• **ASSIGNMENT**: Every entry gets copied exactly. No images go into the copy.

• **INPUT DATA**:
★ ★ ★

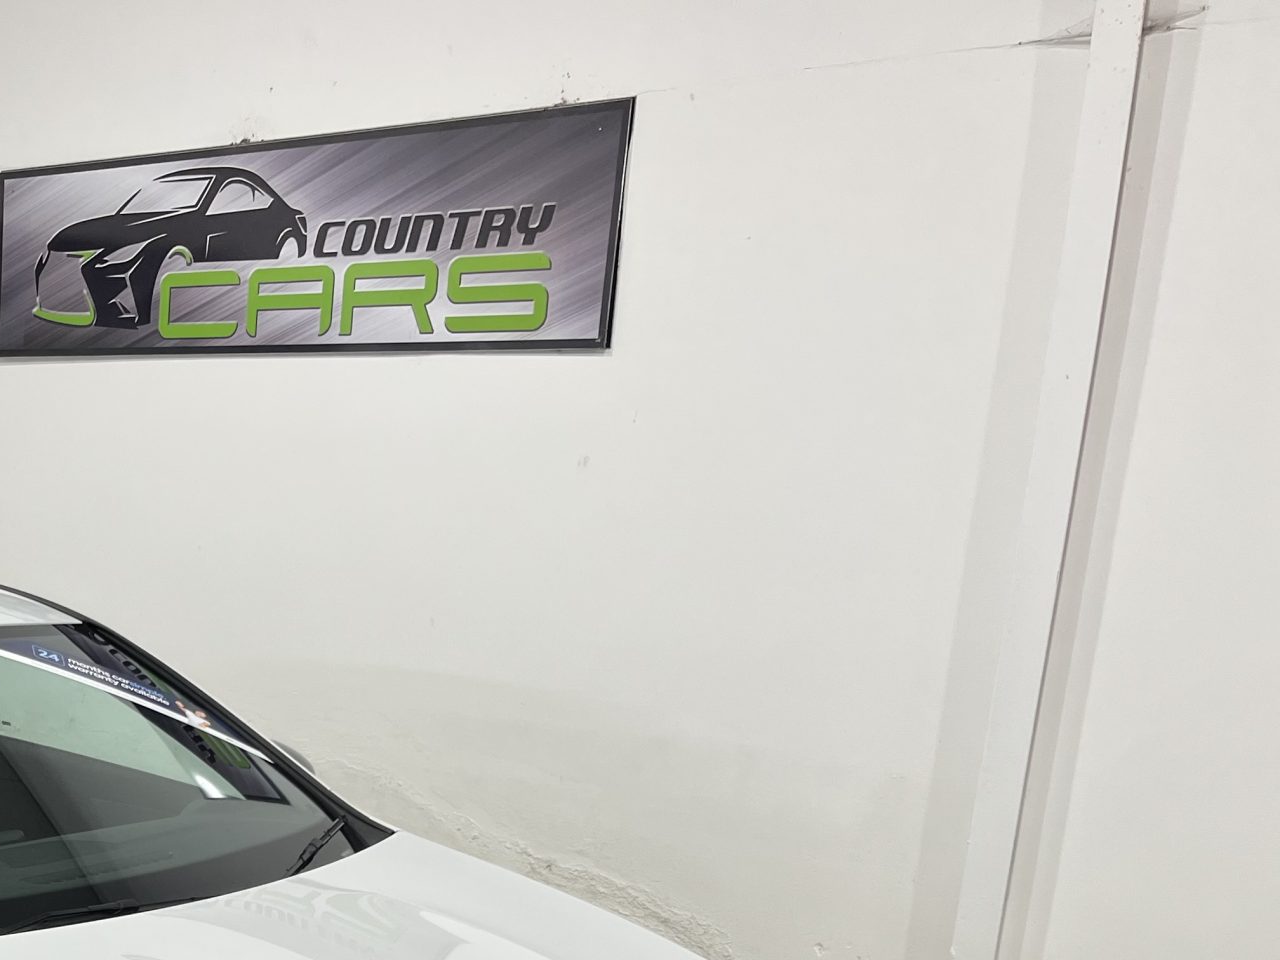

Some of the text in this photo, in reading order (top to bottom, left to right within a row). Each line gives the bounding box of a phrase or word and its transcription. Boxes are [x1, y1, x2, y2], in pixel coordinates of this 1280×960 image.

[313, 204, 556, 258] COUNTRY
[158, 251, 552, 339] CARS
[38, 649, 60, 662] 24
[67, 658, 111, 678] months
[67, 663, 120, 686] warranty
[120, 682, 170, 706] available

★ ★ ★

• **RESULT**:
Some of the text in this photo, in reading order (top to bottom, left to right within a row). Each line gives the bounding box of a phrase or word and its transcription. Boxes are [x1, y1, x2, y2], in pixel coordinates of this 1280×960 image.

[313, 204, 556, 258] COUNTRY
[158, 251, 552, 339] CARS
[38, 649, 60, 662] 24
[67, 658, 111, 678] months
[67, 663, 120, 686] warranty
[120, 682, 170, 706] available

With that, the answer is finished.